One alteration we could make to the modelling process to get a more diverse ensemble is to randomly select a different subset of features which we can use to fit each model. For example, if we had ten features at our disposal, for the first tree in the ensemble we could select, say, 3 of the features at random and use them to model the first bootstrapped dataset. For the second tree we would select 3 different features at random to model the second bootstrapped dataset, and so on.

This approach, known as Random Forests, is different from Bagging in two ways:

  1. By using a different feature set for each model, our ensemble is made up of a more diverse set of models, which will hopefully reduce the variance in the bias-variance decompoition more effectively. This increased diversity also reduces our chances of overfitting to the training set.
  2. Again by using a different feature set for each model, we can now quantify how important different features are to the fitting process. For example, if we predict values with high accuracy whenever a certain feature is included in a model, and all of the other models in our ensemble predict poorly, then we could conclude that that feature is essential to accurately modelling the target variable.

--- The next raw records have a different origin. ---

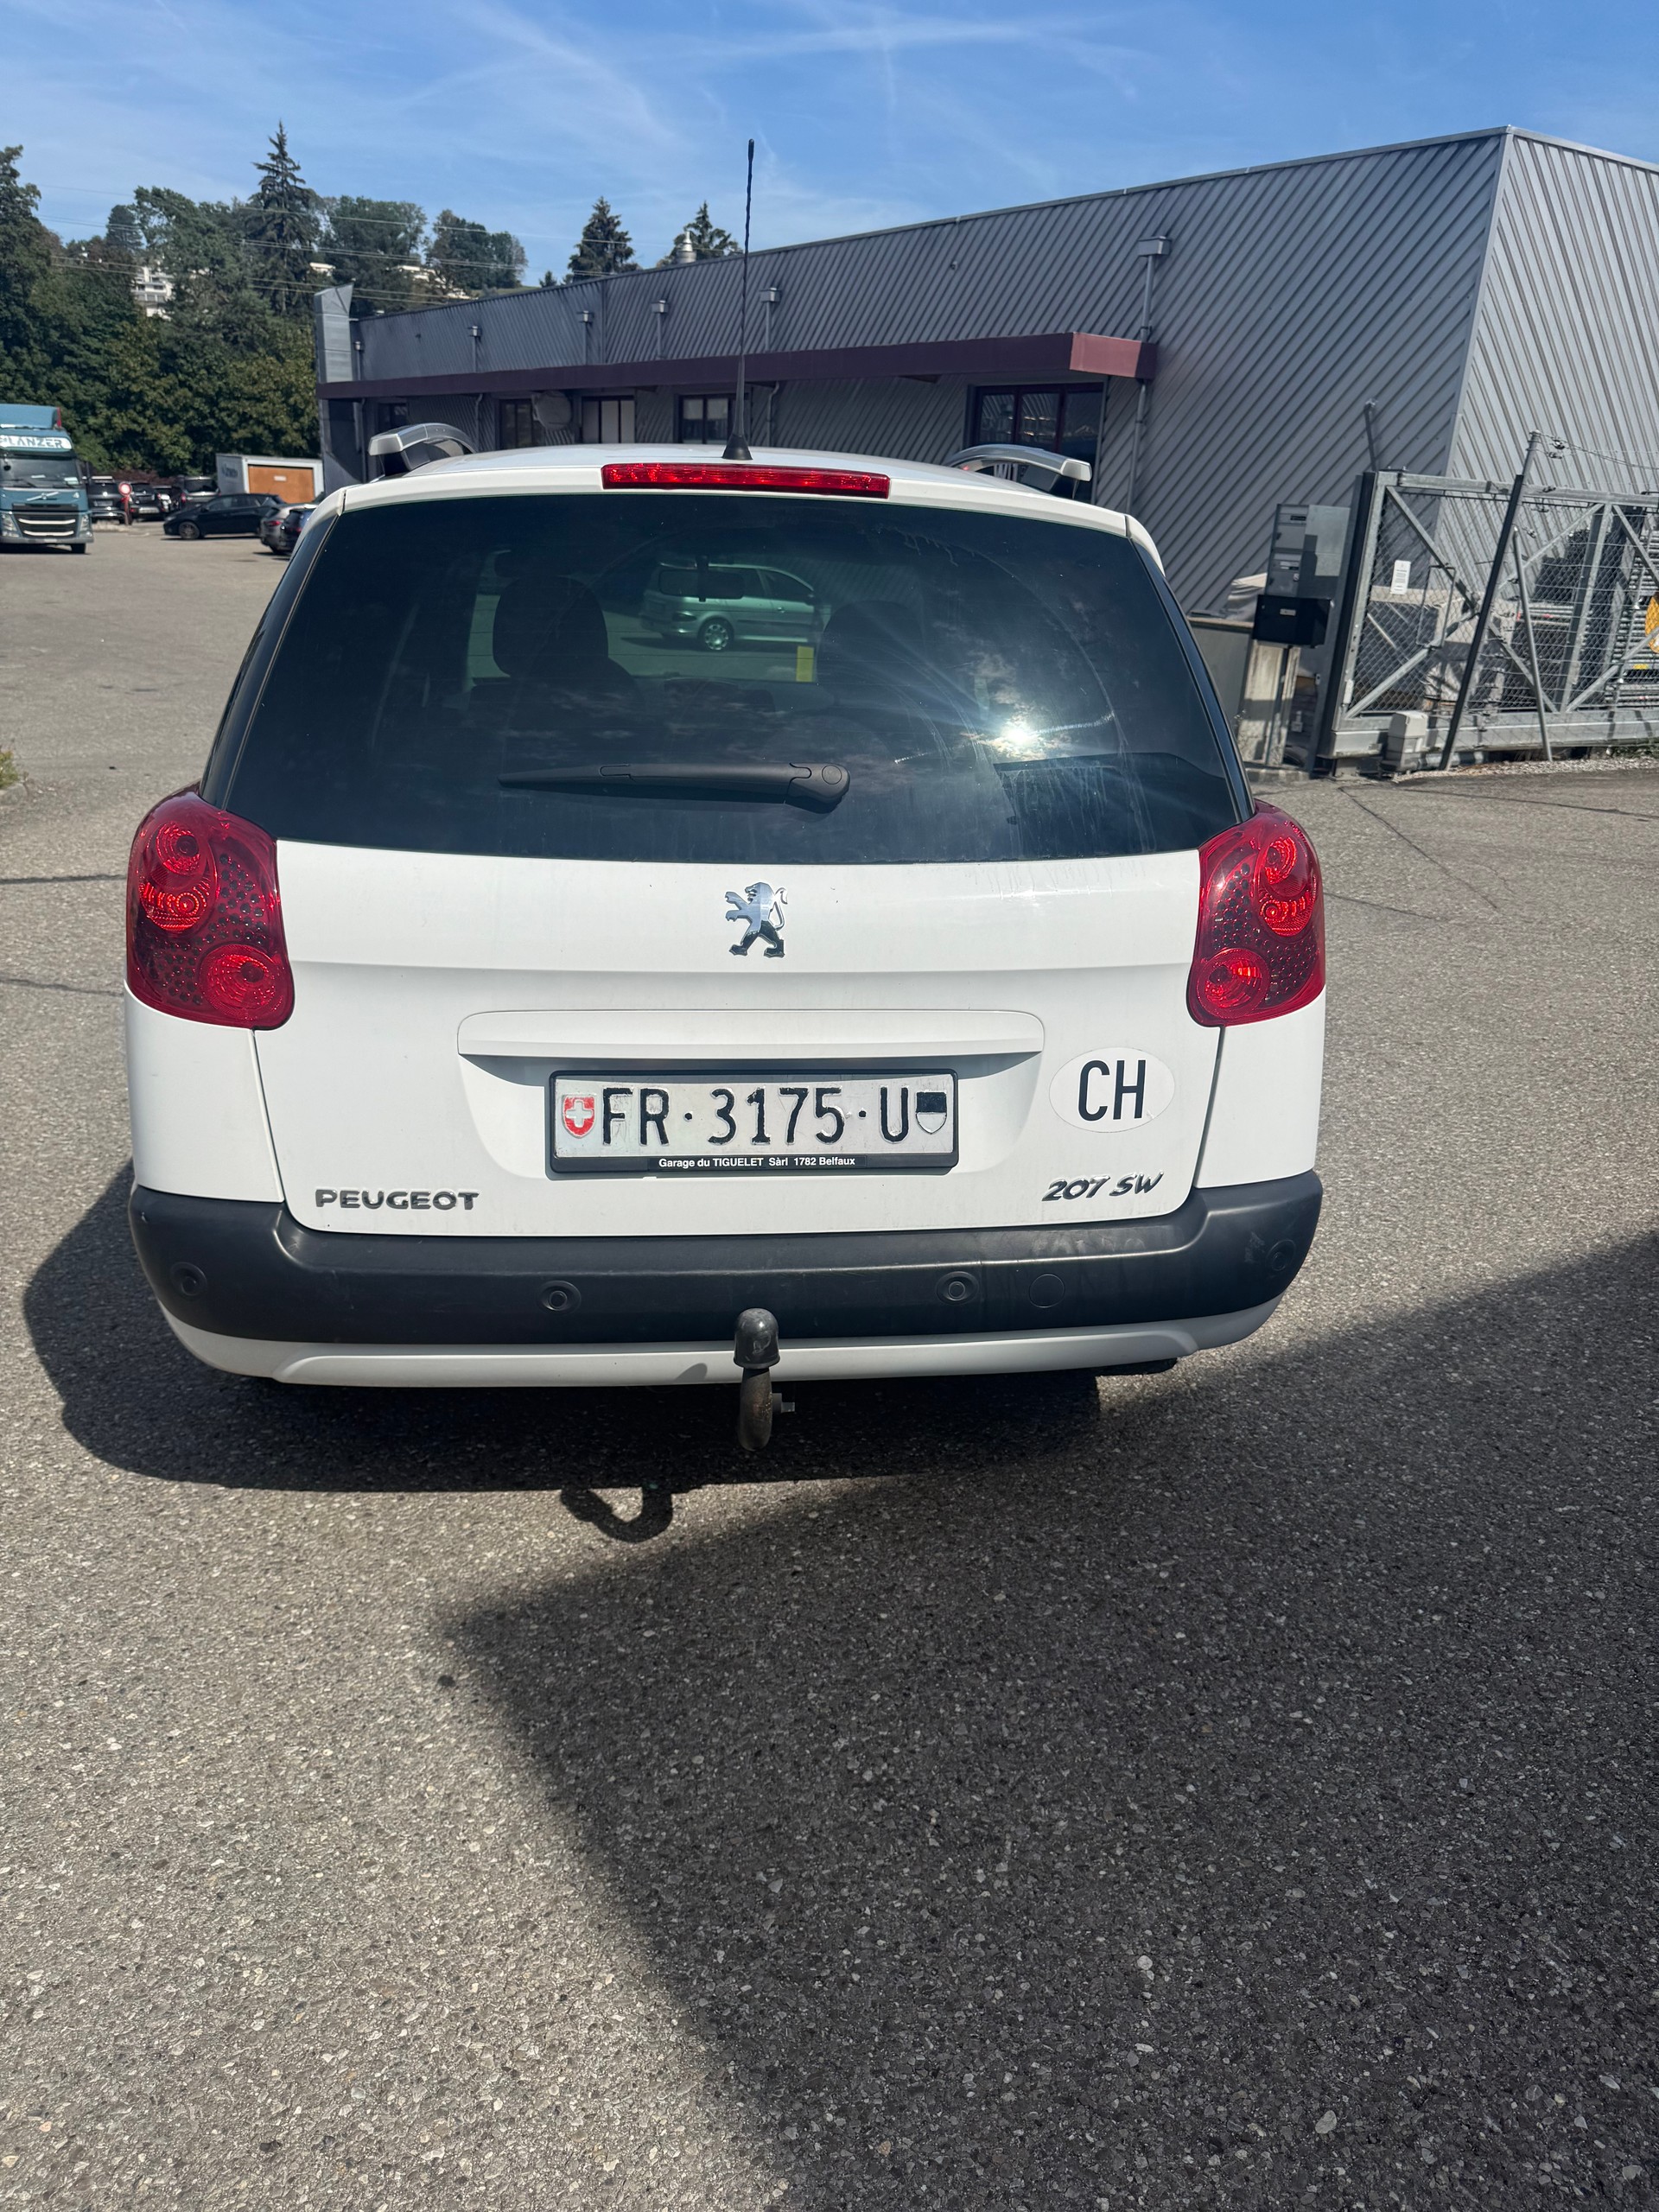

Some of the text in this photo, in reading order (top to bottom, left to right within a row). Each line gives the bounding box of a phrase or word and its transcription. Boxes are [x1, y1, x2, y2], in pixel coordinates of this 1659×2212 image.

[1077, 1059, 1147, 1122] CH
[658, 1158, 696, 1169] Garage
[696, 1158, 710, 1167] du
[712, 1157, 764, 1166] TIGUELET
[793, 1157, 817, 1166] 1782
[818, 1156, 855, 1166] Belfaux
[315, 1188, 480, 1211] PEUGEOT
[1041, 1171, 1165, 1202] 207 SW

Understanding Decision Trees

The main challenge in understanding Random Forests (and Bagging) is in understanding the underlying Decision Trees which they use to make predictions. If you've not already done so, I would strongly recommend heading over to our notebooks on Decision Trees and becoming familiar with how they work. The main purpose of this notebook is to help you understand how to create an ensemble of models and provide them with different features, therefore we provide a complete implementation of a Decision Tree for you to use here.

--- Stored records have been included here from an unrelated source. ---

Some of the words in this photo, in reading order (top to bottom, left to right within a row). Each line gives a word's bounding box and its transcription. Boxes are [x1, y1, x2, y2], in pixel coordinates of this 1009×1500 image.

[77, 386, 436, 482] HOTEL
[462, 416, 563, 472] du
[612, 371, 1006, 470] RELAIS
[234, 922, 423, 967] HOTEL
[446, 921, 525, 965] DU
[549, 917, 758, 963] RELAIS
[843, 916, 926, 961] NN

Overlap with the Bagging notebook

Since Bagging is essentially a special case of Random Forests (where the number of randomly chosen features is equal to the total number of available features), this notebook is very similar to the bagging notebook - in fact there is only one additional line in the Random Forests notebook, that which chooses a random subset of the parameters.

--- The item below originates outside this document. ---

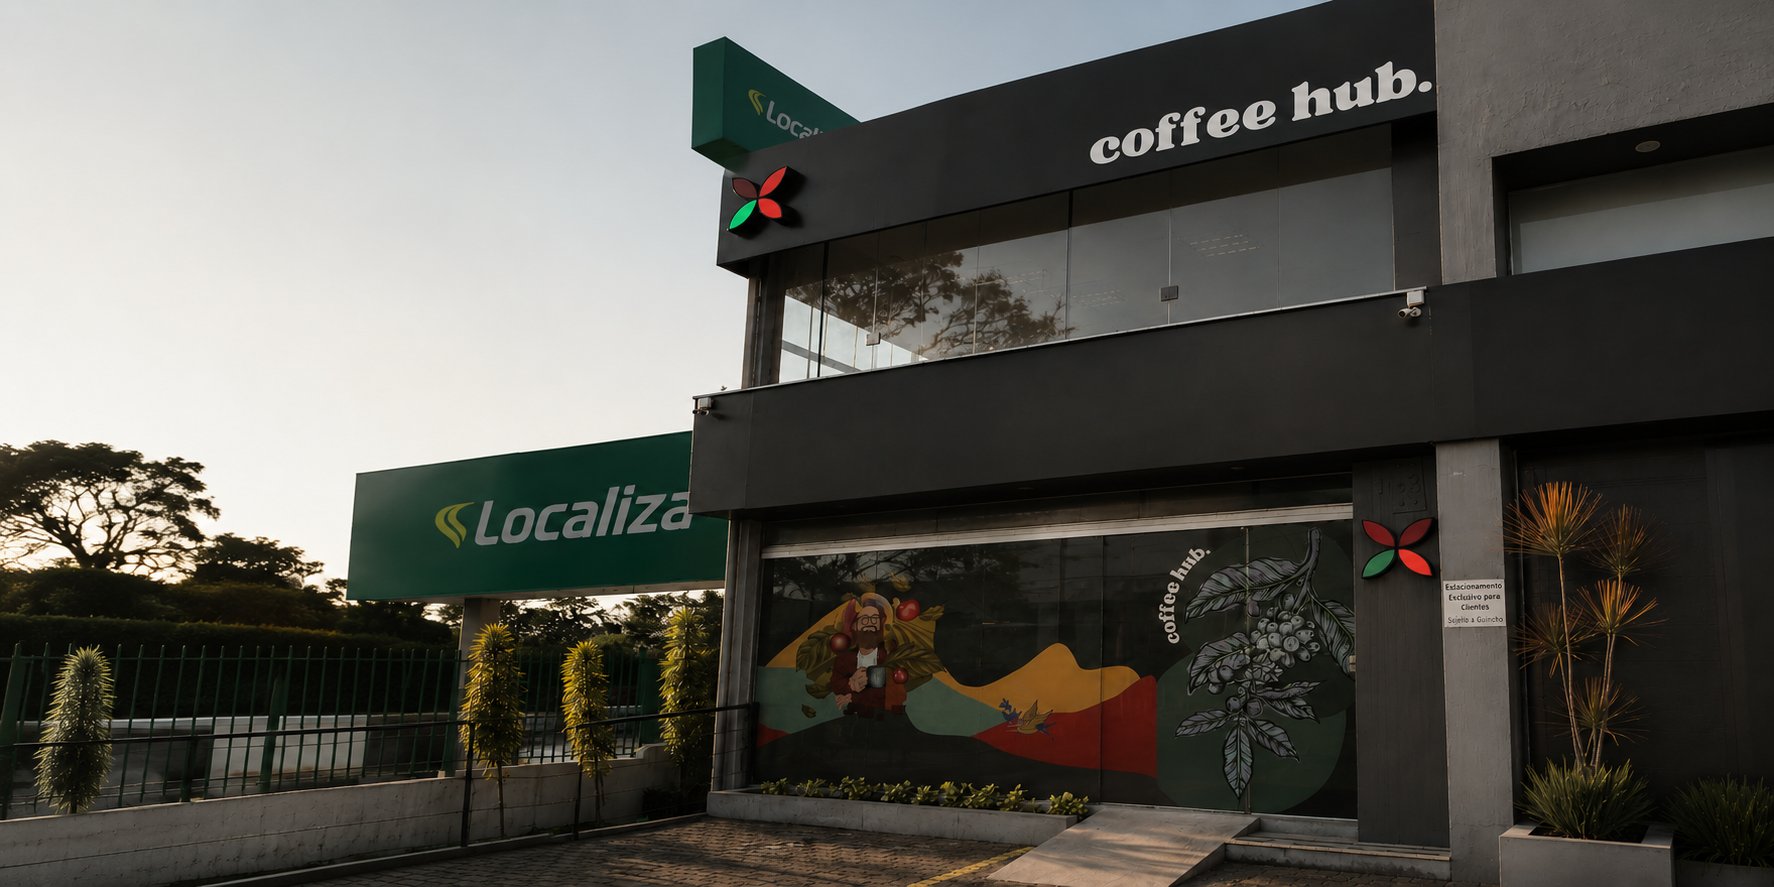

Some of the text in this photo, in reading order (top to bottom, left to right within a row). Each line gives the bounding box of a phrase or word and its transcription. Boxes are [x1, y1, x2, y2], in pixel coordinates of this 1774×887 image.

[766, 100, 824, 139] Loca
[1090, 61, 1433, 165] coffee hub.
[474, 484, 693, 546] Localiza
[1158, 548, 1212, 644] coffee hub.

I personally think it makes most sense to become familiar with Decision Trees, then extend that idea to Bagging to see how an ensemble of models affects performance, because we can do that when using a single feature (unlike with Random Forests), making visualisation easier, which is why I made a Bagging notebook. I also understand that most people are probably more interested from a practical standpoint in using Random Forests, given their wider use in the real world, which is how we've ended up with two such similar notebooks.

Import Python Modules

In [1]:
import numpy as np
import pandas as pd
import matplotlib.pyplot as plt
from sklearn.model_selection import train_test_split
import copy
from random import sample

Generate data for Random Forest

(We'll use a different data generation process to bagging as we want a larger feature set. This is the same data generation process that we used in the Linear Regression Notebook)

In [2]:
n = 1000 #Number of observations in the training set
p = 10 #Number of parameters, including intercept

#Assign True parameters to be estimated
beta = np.random.uniform(-10, 10, p) #Randomly initialise true parameters
print(beta)
[ 8.46073265 -2.84287558  3.02975706  8.56207685 -8.75208537  3.6294244
  3.91028463 -3.0693924   4.57458108 -0.16189489]
In [3]:
X = np.random.uniform(0,10,(n,(p-1))) 
X0 = np.array([1]*n).reshape((n,1)) #Columns for intercept

X = np.concatenate([X0,X], axis = 1) #Join intercept to other variables to form feature matrix
In [4]:
Y = np.matmul(X,beta) + np.random.normal(0,10,n) #Linear combination of the features plus a normal error term
In [5]:
#Concatenate to create dataframe

dataFeatures = pd.DataFrame(X)
dataFeatures.columns = [f'X{i}' for i in range(p)]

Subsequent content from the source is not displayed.